Collected data entries
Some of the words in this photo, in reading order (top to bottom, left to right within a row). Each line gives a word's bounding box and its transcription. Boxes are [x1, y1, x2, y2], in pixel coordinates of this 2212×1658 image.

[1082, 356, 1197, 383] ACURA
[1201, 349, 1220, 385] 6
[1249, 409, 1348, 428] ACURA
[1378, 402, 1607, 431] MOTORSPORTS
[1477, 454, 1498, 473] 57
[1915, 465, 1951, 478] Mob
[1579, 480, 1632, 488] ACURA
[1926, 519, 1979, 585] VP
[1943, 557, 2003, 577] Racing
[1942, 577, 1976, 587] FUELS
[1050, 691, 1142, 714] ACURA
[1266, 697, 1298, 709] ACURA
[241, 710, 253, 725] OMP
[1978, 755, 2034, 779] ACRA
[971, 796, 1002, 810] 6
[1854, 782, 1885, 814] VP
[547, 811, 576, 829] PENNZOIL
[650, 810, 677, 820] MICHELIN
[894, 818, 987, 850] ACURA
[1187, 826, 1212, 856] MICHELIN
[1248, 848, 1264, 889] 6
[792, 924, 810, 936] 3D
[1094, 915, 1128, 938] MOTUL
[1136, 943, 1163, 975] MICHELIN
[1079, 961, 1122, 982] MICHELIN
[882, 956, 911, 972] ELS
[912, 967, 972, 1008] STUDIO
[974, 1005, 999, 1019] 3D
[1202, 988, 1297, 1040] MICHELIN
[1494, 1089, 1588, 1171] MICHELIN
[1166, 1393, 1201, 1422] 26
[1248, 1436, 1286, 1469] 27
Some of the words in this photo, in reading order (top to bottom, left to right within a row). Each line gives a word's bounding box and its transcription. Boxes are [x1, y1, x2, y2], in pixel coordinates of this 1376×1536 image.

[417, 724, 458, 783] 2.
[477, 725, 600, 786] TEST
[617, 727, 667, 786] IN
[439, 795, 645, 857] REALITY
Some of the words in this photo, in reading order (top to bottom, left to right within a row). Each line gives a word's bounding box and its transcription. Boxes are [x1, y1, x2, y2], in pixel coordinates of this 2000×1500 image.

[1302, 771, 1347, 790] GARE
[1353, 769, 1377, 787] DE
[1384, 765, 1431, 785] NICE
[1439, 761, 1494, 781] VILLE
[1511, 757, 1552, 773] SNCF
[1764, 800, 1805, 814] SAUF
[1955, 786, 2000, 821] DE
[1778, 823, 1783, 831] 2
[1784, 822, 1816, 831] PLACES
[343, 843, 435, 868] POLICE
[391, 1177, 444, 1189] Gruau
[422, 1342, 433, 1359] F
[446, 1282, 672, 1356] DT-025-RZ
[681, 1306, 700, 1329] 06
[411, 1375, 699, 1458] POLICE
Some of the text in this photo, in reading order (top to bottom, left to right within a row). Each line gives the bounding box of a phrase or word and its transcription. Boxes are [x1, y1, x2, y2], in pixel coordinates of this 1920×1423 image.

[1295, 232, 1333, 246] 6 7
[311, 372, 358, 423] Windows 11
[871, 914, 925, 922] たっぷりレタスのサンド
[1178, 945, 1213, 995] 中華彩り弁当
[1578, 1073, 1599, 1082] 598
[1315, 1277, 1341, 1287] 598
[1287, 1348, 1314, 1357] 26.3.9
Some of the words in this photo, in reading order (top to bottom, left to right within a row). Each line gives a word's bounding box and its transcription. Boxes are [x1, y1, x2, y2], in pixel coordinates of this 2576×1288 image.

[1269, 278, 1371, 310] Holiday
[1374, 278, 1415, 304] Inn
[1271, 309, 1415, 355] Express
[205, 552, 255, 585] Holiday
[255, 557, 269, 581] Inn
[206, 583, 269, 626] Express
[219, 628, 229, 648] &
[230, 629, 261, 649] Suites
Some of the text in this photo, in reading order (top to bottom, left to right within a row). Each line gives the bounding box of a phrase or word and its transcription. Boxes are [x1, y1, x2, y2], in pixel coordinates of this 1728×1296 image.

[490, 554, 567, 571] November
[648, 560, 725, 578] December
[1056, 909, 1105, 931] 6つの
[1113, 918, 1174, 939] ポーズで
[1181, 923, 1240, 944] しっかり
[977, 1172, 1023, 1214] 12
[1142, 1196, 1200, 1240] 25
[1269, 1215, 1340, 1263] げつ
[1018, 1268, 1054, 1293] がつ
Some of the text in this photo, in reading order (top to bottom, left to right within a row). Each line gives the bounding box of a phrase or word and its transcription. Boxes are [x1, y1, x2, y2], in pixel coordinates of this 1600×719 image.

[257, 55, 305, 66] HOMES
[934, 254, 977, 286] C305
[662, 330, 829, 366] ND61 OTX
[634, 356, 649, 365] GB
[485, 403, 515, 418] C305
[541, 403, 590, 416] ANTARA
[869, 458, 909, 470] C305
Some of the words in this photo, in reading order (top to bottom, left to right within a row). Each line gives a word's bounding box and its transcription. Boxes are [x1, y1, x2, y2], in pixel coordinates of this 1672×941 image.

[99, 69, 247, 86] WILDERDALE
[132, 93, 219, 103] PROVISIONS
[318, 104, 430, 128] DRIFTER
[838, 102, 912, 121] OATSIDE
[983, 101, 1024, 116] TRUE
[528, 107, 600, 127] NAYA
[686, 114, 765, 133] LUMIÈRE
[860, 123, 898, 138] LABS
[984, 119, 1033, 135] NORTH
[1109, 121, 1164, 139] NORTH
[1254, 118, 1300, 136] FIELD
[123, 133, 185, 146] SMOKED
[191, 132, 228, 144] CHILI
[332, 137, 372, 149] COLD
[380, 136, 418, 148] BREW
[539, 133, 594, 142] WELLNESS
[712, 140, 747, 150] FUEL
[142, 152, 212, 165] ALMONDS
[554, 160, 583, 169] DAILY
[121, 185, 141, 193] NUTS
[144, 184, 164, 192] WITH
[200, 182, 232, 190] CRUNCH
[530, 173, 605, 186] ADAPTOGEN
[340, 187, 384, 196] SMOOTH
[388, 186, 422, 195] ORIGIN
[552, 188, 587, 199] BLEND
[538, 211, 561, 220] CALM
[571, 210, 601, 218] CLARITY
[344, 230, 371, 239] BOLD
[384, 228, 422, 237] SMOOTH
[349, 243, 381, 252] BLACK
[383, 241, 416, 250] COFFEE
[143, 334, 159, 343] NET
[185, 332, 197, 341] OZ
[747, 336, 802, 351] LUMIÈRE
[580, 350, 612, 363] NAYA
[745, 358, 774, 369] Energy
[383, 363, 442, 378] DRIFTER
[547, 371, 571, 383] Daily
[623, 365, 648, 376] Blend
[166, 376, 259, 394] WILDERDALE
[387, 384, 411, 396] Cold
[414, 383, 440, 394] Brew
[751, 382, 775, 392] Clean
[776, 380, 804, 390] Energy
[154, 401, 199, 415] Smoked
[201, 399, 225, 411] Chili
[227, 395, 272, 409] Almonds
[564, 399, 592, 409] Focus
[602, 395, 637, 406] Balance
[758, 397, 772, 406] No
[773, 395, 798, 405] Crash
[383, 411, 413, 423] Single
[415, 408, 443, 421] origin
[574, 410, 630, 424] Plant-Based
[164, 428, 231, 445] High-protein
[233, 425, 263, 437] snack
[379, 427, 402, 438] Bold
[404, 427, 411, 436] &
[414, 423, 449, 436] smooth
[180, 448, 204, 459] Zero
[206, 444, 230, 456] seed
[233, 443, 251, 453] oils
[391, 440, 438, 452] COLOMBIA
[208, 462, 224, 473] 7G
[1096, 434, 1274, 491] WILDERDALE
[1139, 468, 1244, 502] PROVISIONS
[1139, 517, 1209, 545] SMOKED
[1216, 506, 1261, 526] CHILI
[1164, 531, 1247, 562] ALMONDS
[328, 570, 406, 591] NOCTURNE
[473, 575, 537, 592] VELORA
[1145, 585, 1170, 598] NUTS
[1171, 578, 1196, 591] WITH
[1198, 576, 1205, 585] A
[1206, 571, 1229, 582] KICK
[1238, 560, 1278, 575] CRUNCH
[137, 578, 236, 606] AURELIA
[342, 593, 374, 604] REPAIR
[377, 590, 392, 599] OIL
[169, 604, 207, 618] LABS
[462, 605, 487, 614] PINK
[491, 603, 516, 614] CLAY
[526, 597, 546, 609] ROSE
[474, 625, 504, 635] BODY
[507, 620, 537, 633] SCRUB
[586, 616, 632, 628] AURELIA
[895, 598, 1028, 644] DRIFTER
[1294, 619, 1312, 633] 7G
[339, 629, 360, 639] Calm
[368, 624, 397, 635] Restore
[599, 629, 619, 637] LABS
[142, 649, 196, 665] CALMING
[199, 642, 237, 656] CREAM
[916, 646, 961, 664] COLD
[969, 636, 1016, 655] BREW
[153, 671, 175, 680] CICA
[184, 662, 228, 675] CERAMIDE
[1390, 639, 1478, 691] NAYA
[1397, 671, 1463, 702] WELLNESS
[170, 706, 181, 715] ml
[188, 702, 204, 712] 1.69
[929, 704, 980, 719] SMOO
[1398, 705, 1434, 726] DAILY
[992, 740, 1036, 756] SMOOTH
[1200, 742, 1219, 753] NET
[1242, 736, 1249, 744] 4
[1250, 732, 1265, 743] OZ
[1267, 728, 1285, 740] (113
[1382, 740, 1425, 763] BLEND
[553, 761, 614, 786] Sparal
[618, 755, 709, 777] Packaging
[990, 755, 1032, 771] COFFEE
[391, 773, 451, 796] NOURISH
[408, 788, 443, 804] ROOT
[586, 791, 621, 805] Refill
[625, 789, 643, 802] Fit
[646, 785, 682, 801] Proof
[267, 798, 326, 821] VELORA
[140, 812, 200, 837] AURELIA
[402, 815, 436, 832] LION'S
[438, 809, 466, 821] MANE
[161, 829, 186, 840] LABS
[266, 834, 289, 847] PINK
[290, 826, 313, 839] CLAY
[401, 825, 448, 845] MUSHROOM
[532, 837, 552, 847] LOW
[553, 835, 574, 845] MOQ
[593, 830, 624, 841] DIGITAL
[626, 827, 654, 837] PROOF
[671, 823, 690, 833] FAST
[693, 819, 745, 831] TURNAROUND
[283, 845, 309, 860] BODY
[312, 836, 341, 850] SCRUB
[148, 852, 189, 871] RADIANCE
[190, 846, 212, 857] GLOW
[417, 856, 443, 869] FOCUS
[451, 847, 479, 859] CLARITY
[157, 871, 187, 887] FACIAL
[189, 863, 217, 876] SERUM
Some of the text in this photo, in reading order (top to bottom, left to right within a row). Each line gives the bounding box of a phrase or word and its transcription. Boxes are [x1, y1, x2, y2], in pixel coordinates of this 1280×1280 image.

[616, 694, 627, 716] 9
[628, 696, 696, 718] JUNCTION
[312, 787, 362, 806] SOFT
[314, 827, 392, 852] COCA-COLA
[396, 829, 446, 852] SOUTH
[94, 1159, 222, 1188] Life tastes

*WHAT YOU ARE ASKED TO DO:* Starting from the line holding "this 1280×1280 image.", restate the remaining lines of the data word for word, including the last.

*RESULT OF THE EXERCISE:*
Some of the text in this photo, in reading order (top to bottom, left to right within a row). Each line gives the bounding box of a phrase or word and its transcription. Boxes are [x1, y1, x2, y2], in pixel coordinates of this 1280×1280 image.

[616, 694, 627, 716] 9
[628, 696, 696, 718] JUNCTION
[312, 787, 362, 806] SOFT
[314, 827, 392, 852] COCA-COLA
[396, 829, 446, 852] SOUTH
[94, 1159, 222, 1188] Life tastes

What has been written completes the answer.